Directions for this task: Your response should be an exact reproduction of the data below, beginning at the line containing "Some of the text" and ending with the final line.

Task data:

....................

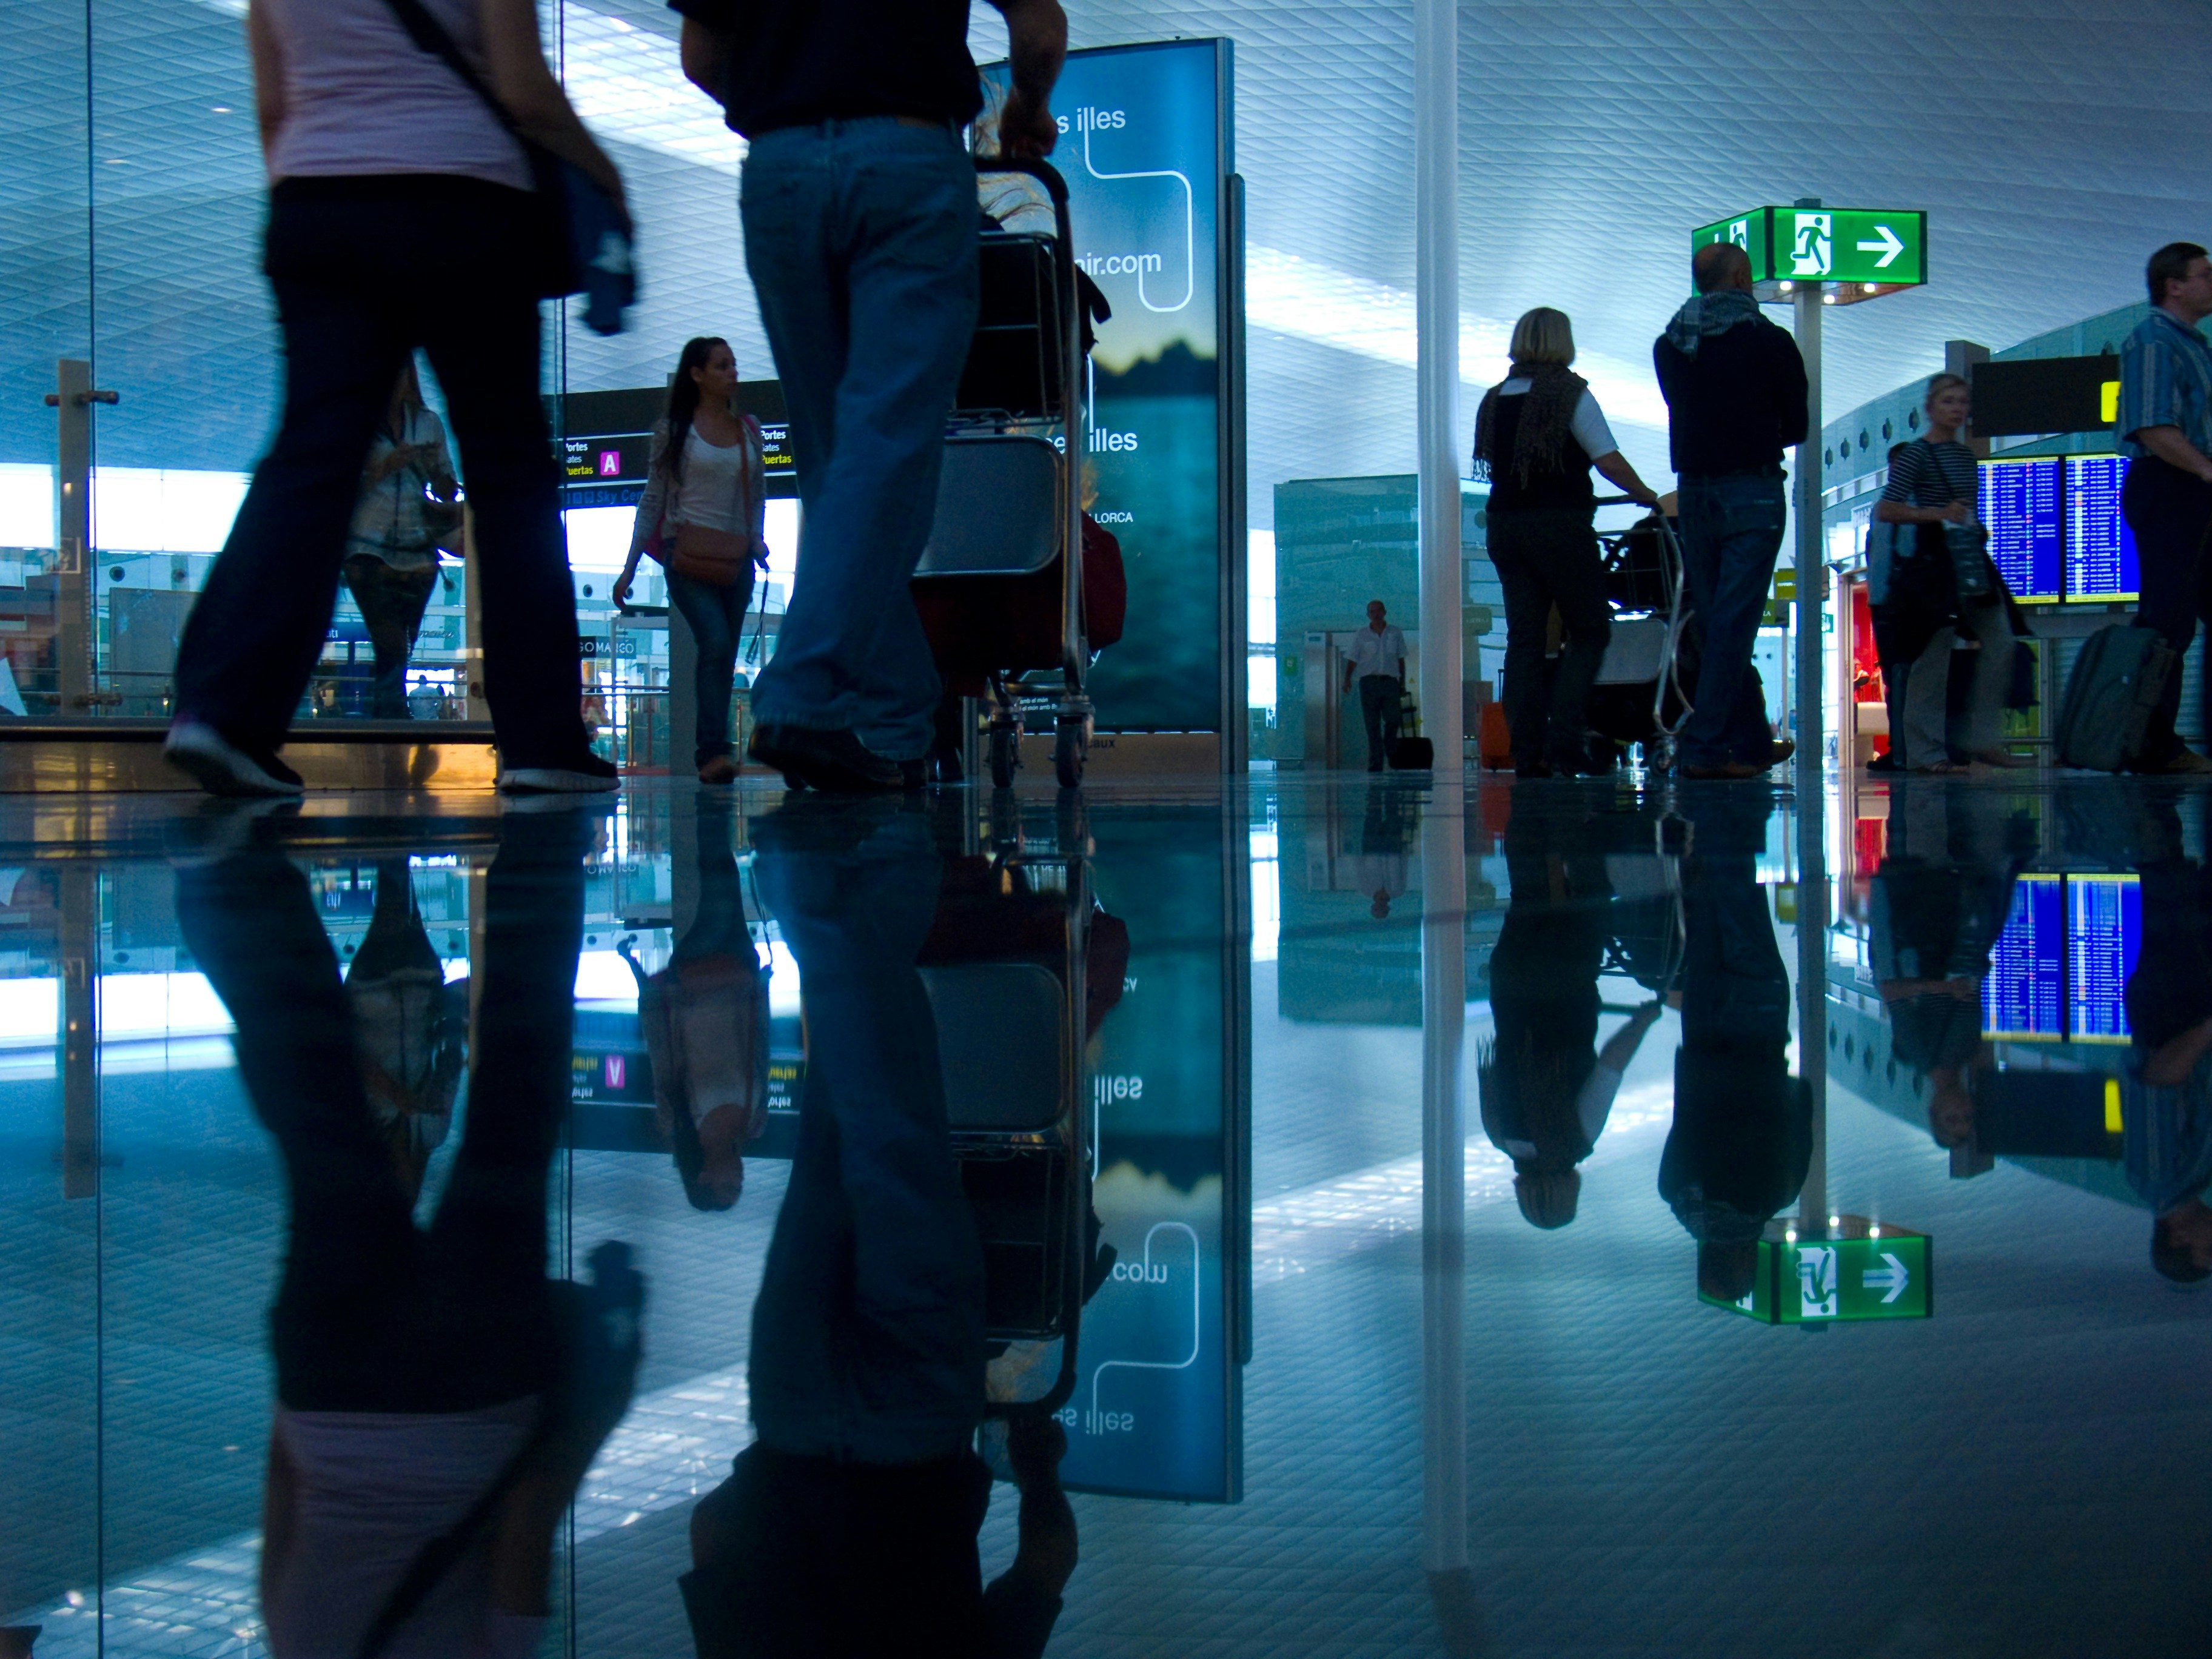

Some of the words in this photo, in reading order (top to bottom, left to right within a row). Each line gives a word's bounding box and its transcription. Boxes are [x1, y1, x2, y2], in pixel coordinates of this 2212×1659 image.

[1056, 115, 1069, 134] s
[1076, 107, 1126, 132] illes
[1074, 252, 1161, 276] air.com
[1089, 427, 1138, 452] illes
[566, 442, 588, 452] ortes
[566, 455, 582, 464] ates
[603, 454, 616, 472] A
[566, 466, 594, 476] uertas
[1094, 512, 1134, 523] LORCA
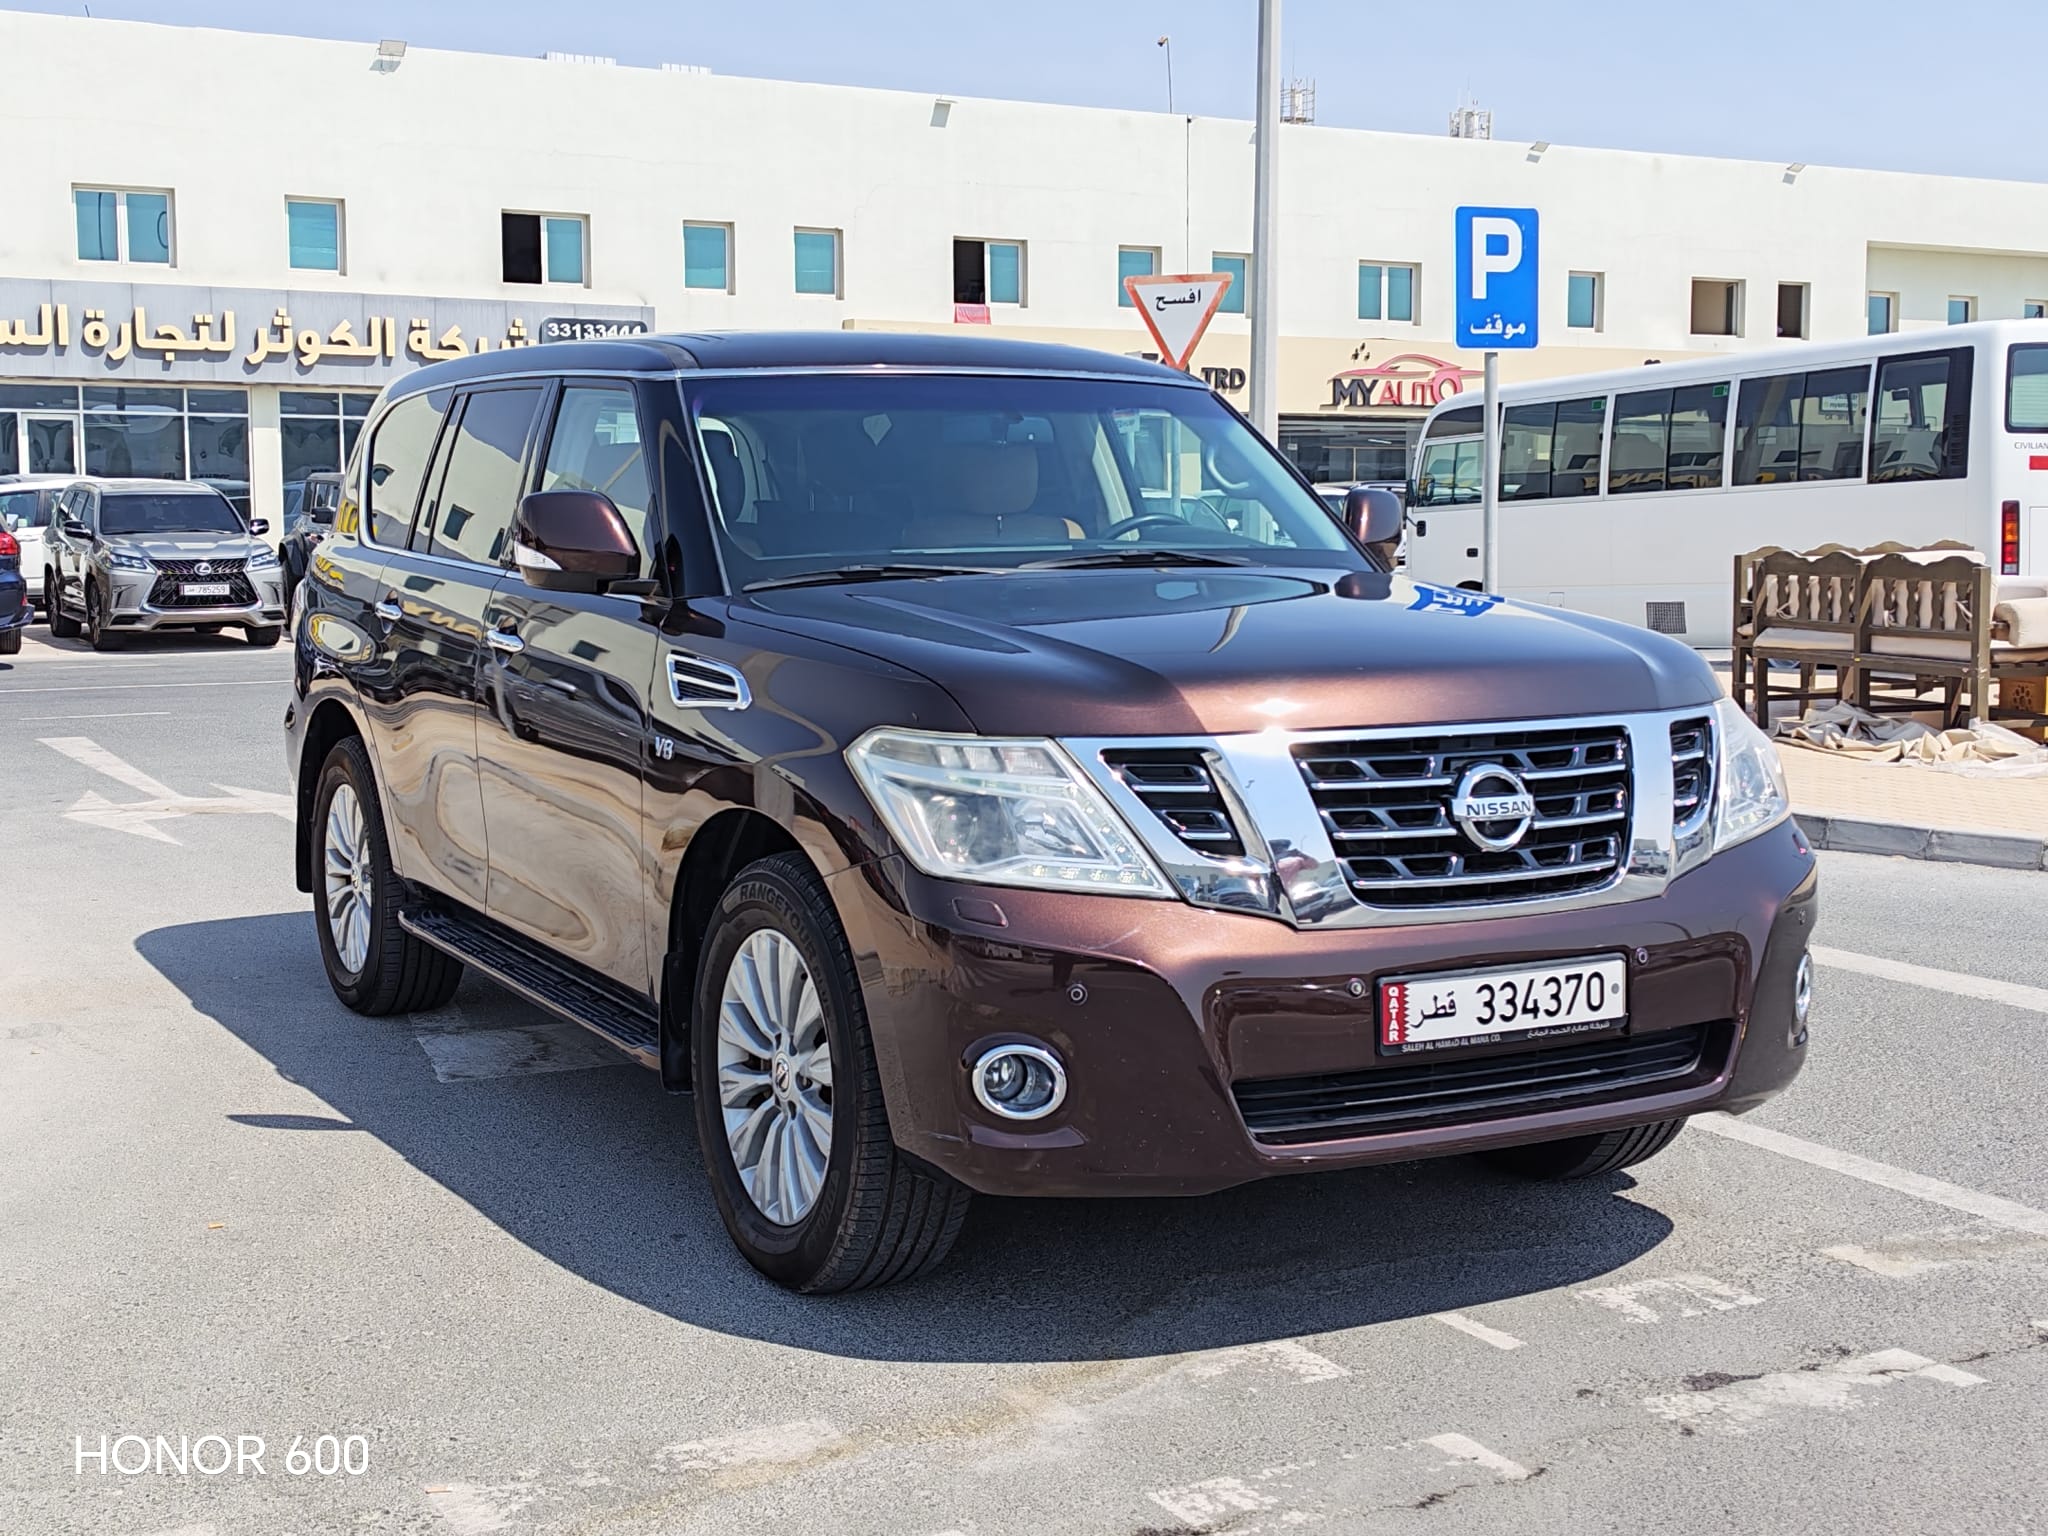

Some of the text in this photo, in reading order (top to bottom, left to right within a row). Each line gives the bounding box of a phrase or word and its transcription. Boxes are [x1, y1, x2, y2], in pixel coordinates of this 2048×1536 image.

[1472, 216, 1523, 300] P
[1155, 288, 1201, 312] افسح
[83, 306, 236, 361] لتجارة
[245, 308, 395, 366] الكوثر
[1470, 313, 1527, 340] موقف
[1201, 367, 1246, 390] TRD
[655, 736, 674, 760] V8
[1466, 800, 1531, 816] NISSAN
[1388, 986, 1399, 1042] QATAR
[1409, 990, 1457, 1029] قطر
[1475, 971, 1605, 1025] 334370
[1401, 1042, 1424, 1053] SALEH
[1425, 1041, 1434, 1050] AL
[1435, 1038, 1460, 1049] HAMAD

....................

Output below:
Some of the text in this photo, in reading order (top to bottom, left to right within a row). Each line gives the bounding box of a phrase or word and its transcription. Boxes are [x1, y1, x2, y2], in pixel coordinates of this 2048×1536 image.

[1472, 216, 1523, 300] P
[1155, 288, 1201, 312] افسح
[83, 306, 236, 361] لتجارة
[245, 308, 395, 366] الكوثر
[1470, 313, 1527, 340] موقف
[1201, 367, 1246, 390] TRD
[655, 736, 674, 760] V8
[1466, 800, 1531, 816] NISSAN
[1388, 986, 1399, 1042] QATAR
[1409, 990, 1457, 1029] قطر
[1475, 971, 1605, 1025] 334370
[1401, 1042, 1424, 1053] SALEH
[1425, 1041, 1434, 1050] AL
[1435, 1038, 1460, 1049] HAMAD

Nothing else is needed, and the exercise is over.